What is expected: Your answer should hold exactly the lines from the line containing "Some of the text" through the end of the entries that follow.
Records shown Start Marker
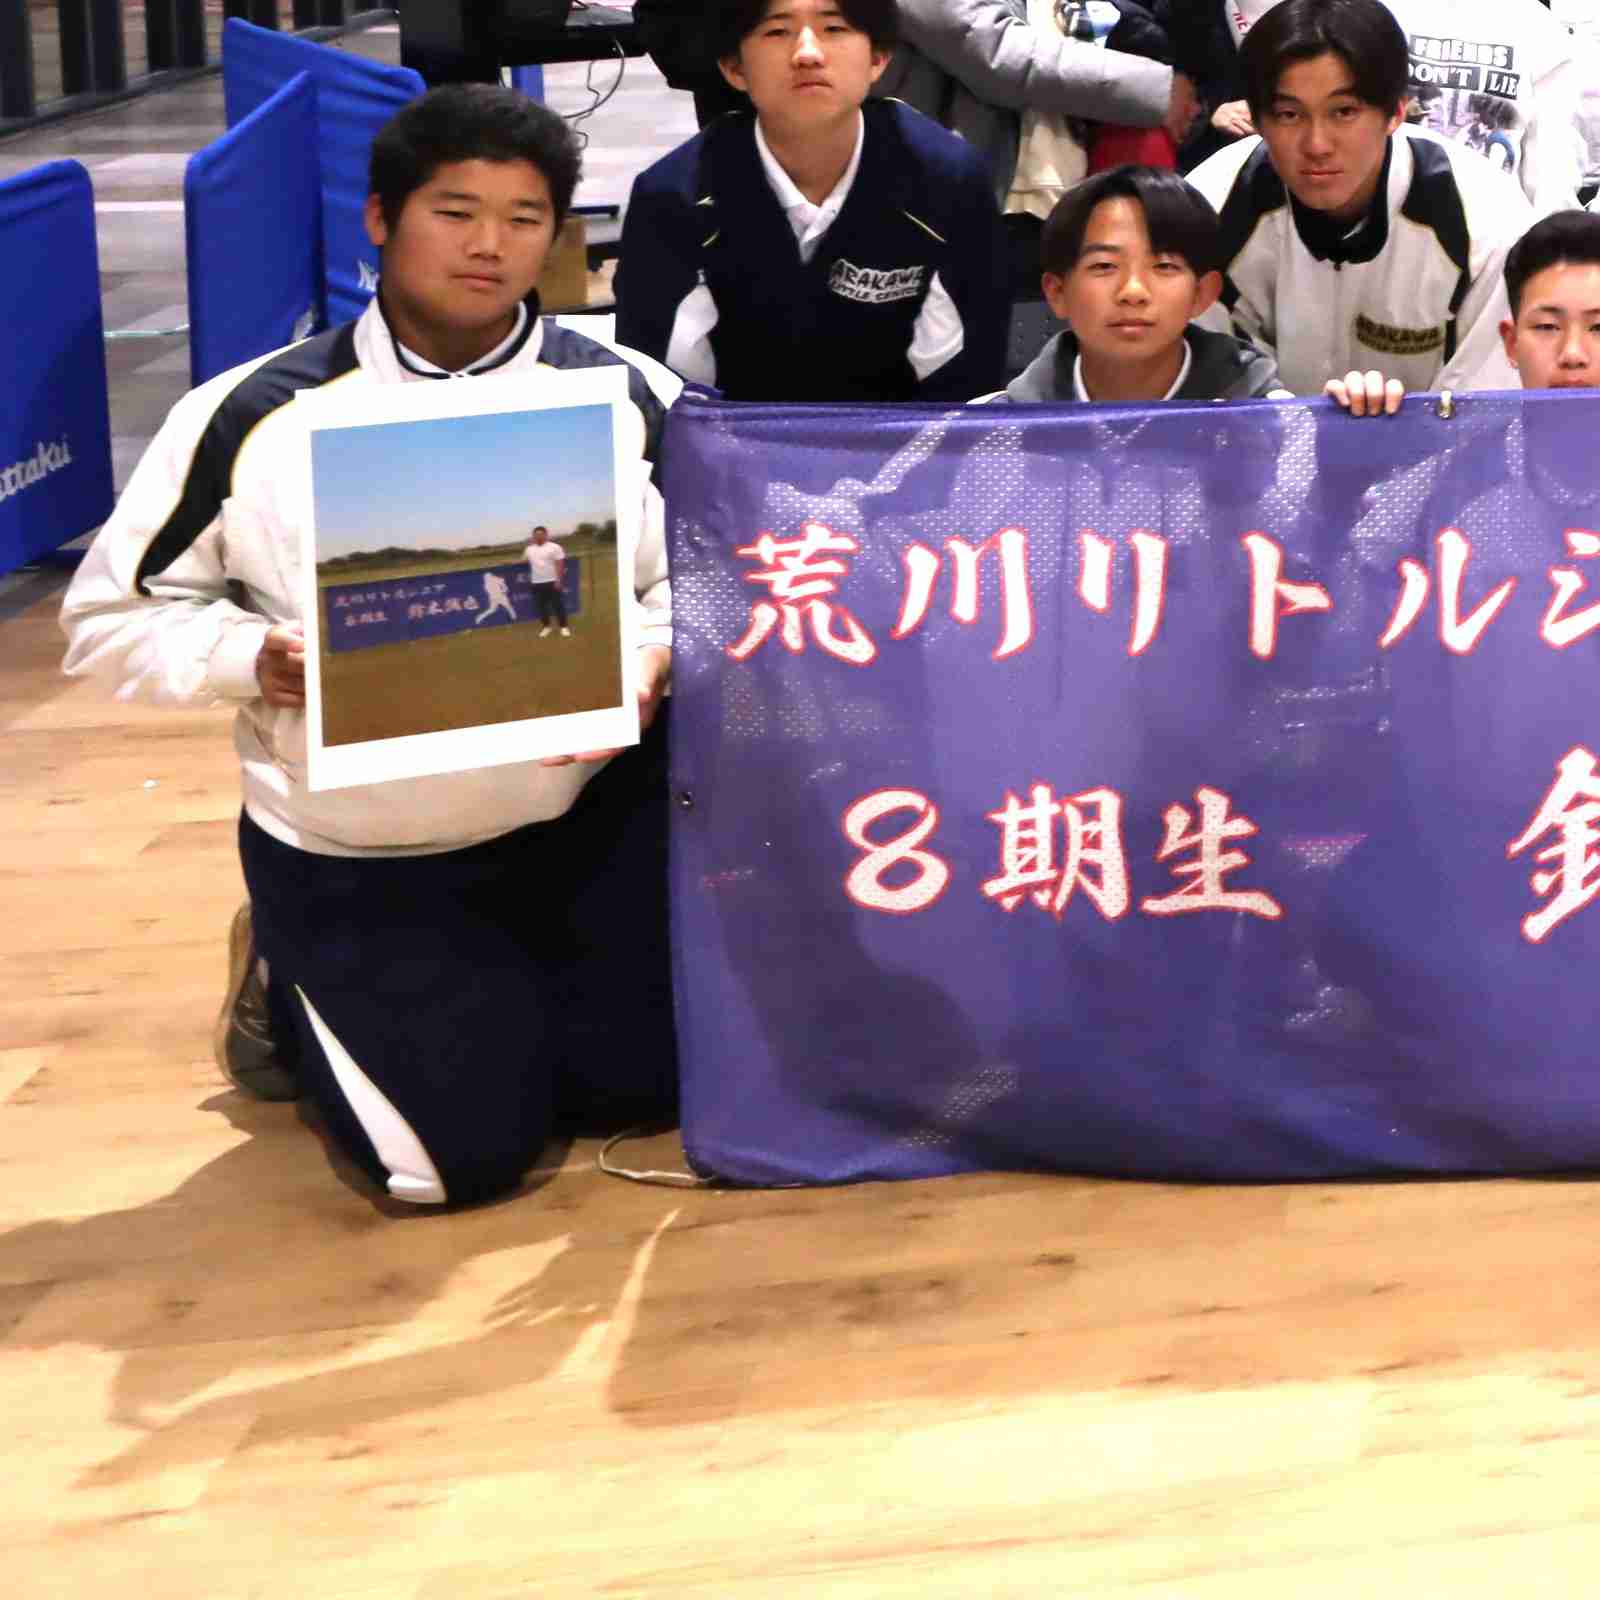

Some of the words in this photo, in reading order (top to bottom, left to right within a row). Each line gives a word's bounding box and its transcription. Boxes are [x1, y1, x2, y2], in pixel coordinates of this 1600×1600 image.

[1414, 37, 1510, 67] FRIENDS
[1488, 70, 1521, 97] LIE
[842, 784, 1284, 923] 8期生
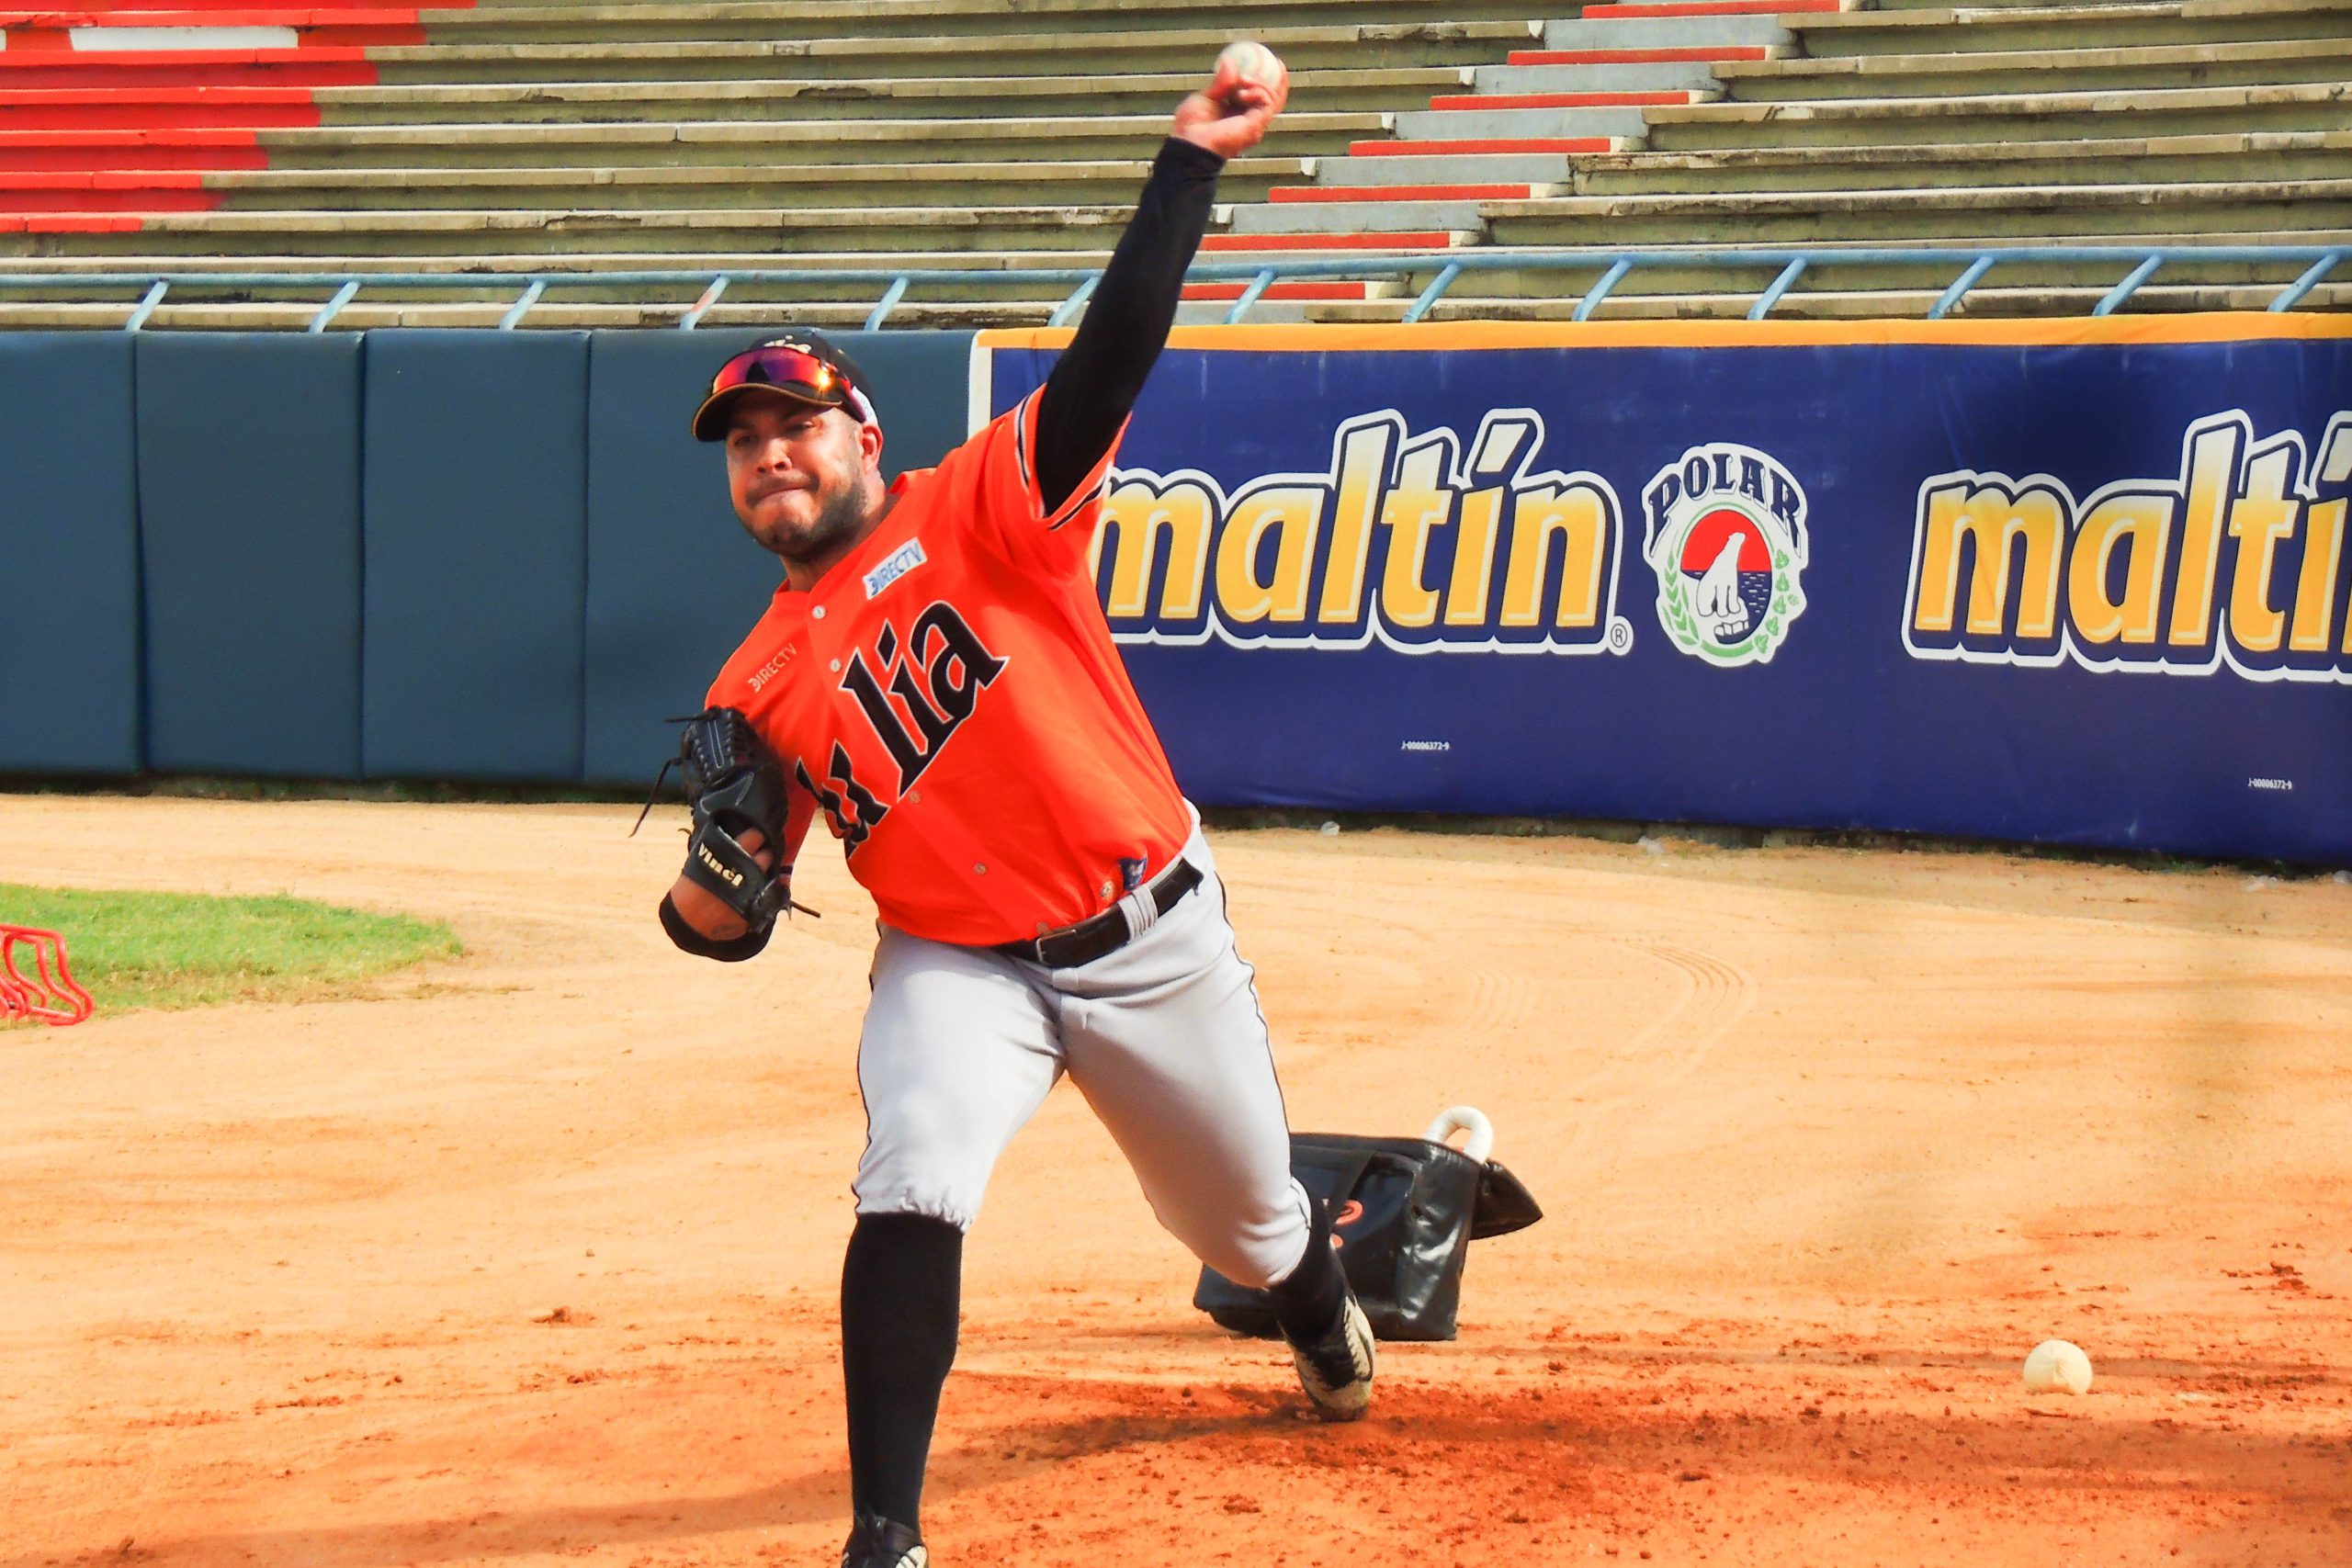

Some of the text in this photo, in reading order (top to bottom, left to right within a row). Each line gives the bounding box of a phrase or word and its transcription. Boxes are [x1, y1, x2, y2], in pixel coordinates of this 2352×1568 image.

[867, 542, 922, 597] DIRECTV
[1087, 418, 1608, 628] maltín
[1648, 452, 1802, 558] POLAR
[1914, 423, 2352, 654] maltí
[747, 641, 798, 694] DIRECTV
[796, 600, 1011, 860] ulia
Records shown End Marker
Output of the exercise:
Some of the text in this photo, in reading order (top to bottom, left to right within a row). Each line gives the bounding box of a phrase or word and its transcription. Boxes are [x1, y1, x2, y2], in pixel coordinates of this 2352×1568 image.

[867, 542, 922, 597] DIRECTV
[1087, 418, 1608, 628] maltín
[1648, 452, 1802, 558] POLAR
[1914, 423, 2352, 654] maltí
[747, 641, 798, 694] DIRECTV
[796, 600, 1011, 860] ulia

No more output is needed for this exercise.